* About this task
Reproduce the data below exactly. Skip the pictures.

** Information follows **

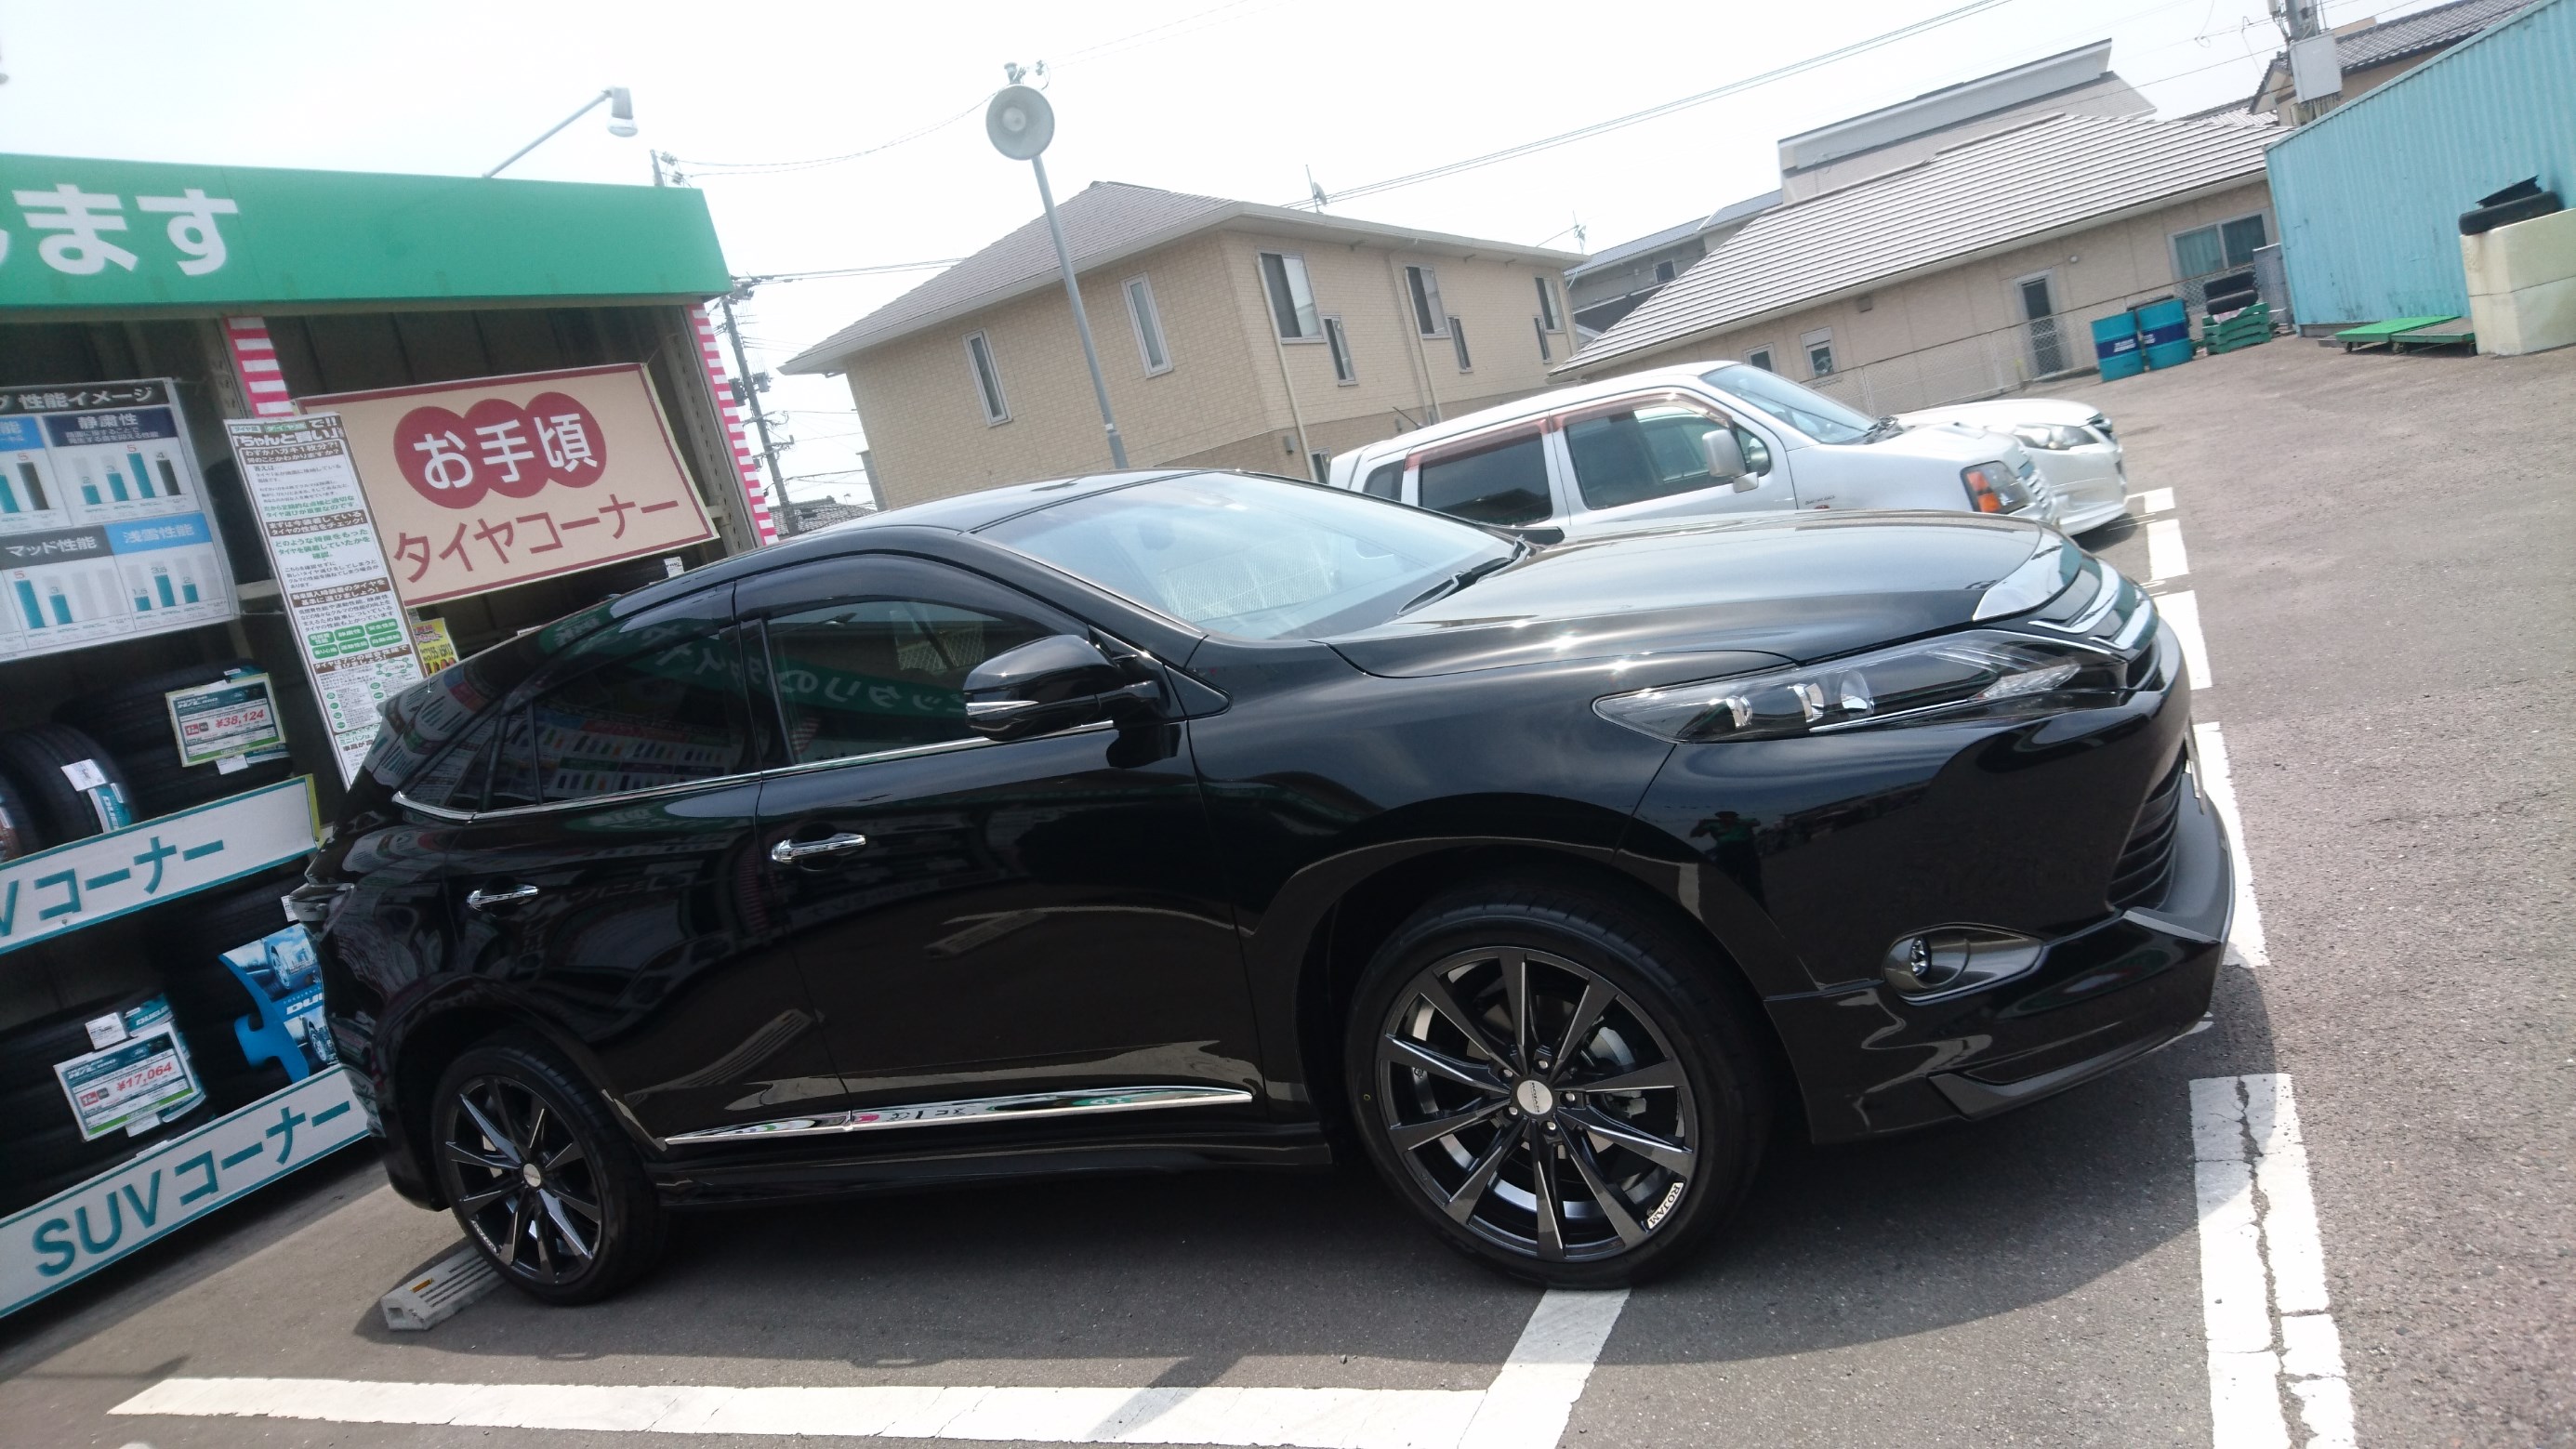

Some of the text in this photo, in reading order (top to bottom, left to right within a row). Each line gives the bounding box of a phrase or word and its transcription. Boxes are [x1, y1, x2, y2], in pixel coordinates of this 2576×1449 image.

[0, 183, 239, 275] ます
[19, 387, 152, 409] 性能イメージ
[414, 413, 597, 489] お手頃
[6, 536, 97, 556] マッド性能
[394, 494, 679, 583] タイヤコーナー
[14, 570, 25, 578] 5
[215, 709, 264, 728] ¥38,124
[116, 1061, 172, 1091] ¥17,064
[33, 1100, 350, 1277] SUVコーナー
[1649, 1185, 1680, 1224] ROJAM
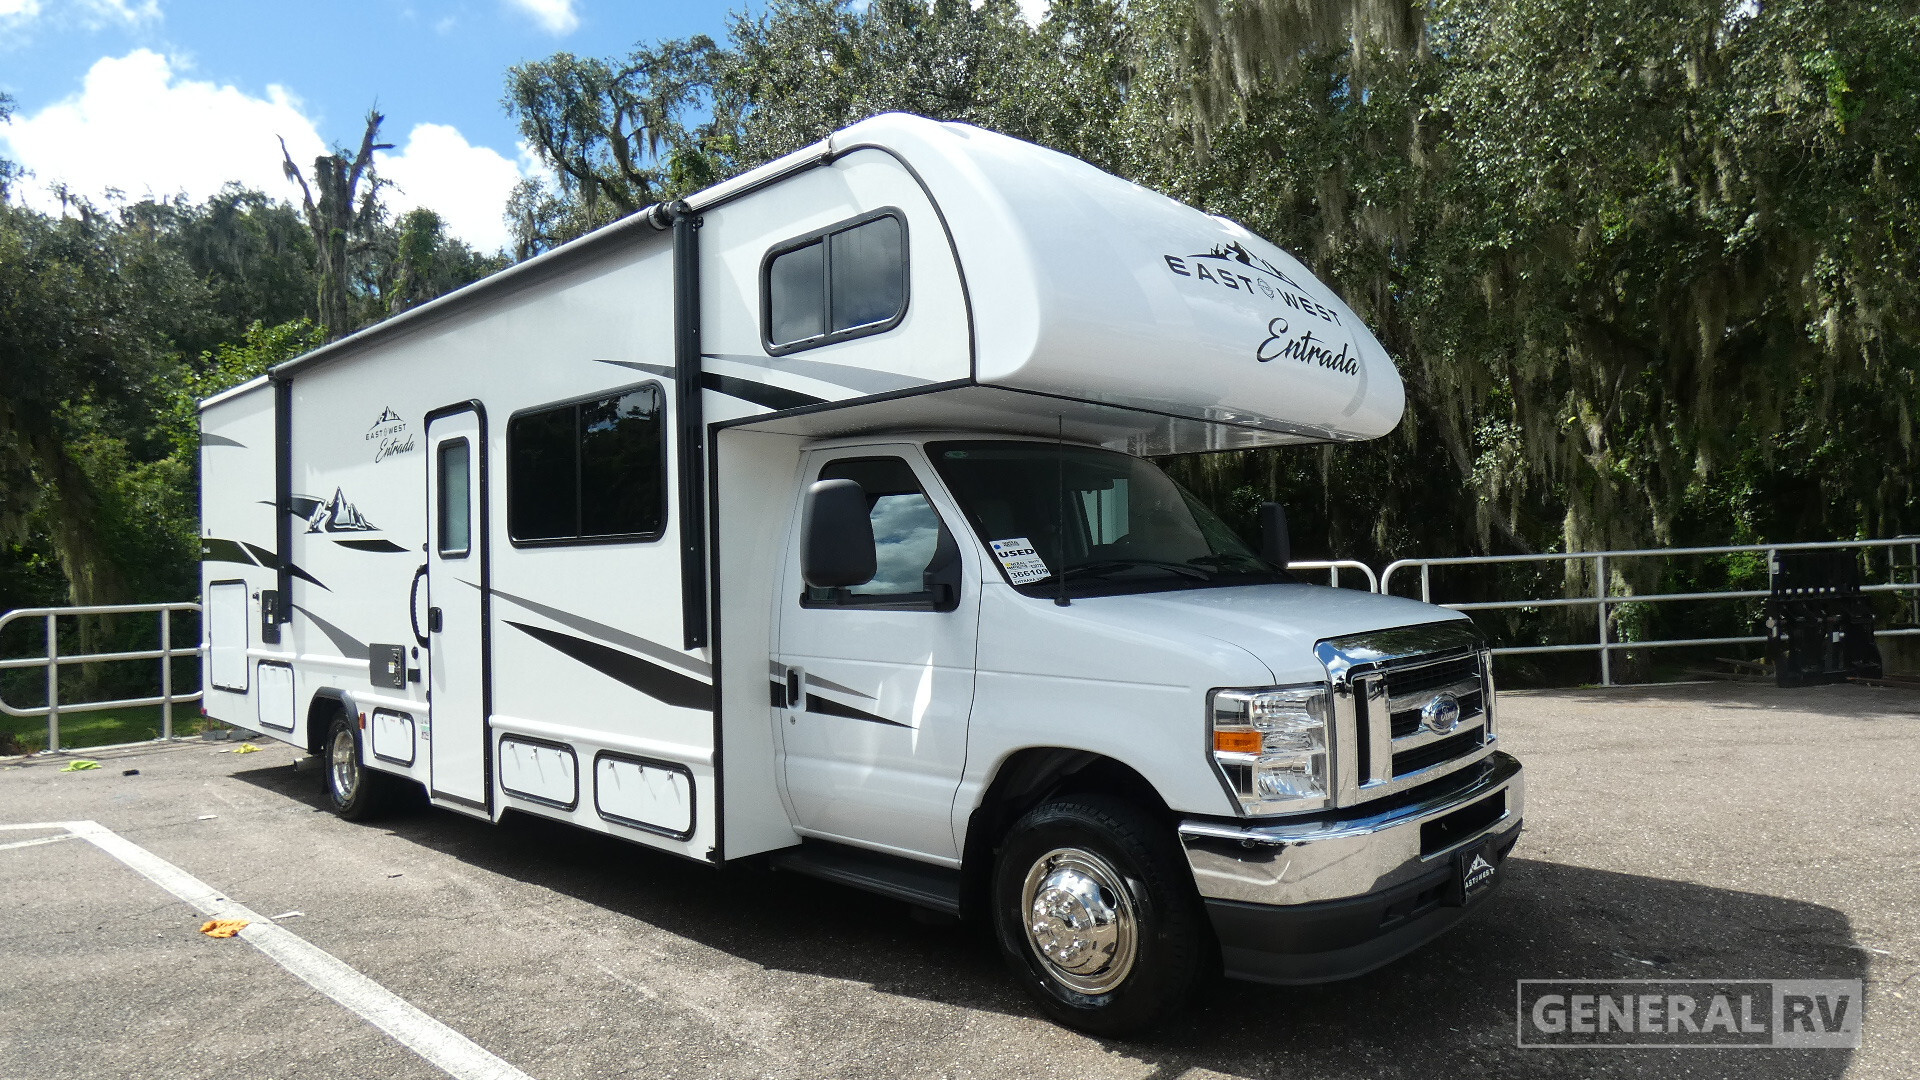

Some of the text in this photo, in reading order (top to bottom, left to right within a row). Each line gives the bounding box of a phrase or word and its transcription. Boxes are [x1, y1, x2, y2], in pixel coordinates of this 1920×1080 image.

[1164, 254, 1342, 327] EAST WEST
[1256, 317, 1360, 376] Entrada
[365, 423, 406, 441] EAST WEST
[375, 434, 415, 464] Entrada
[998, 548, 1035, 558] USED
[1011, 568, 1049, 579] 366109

** End of Information **

* Written solution
Some of the text in this photo, in reading order (top to bottom, left to right within a row). Each line gives the bounding box of a phrase or word and its transcription. Boxes are [x1, y1, x2, y2], in pixel coordinates of this 2576×1449 image.

[0, 183, 239, 275] ます
[19, 387, 152, 409] 性能イメージ
[414, 413, 597, 489] お手頃
[6, 536, 97, 556] マッド性能
[394, 494, 679, 583] タイヤコーナー
[14, 570, 25, 578] 5
[215, 709, 264, 728] ¥38,124
[116, 1061, 172, 1091] ¥17,064
[33, 1100, 350, 1277] SUVコーナー
[1649, 1185, 1680, 1224] ROJAM

Some of the text in this photo, in reading order (top to bottom, left to right within a row). Each line gives the bounding box of a phrase or word and its transcription. Boxes are [x1, y1, x2, y2], in pixel coordinates of this 1920×1080 image.

[1164, 254, 1342, 327] EAST WEST
[1256, 317, 1360, 376] Entrada
[365, 423, 406, 441] EAST WEST
[375, 434, 415, 464] Entrada
[998, 548, 1035, 558] USED
[1011, 568, 1049, 579] 366109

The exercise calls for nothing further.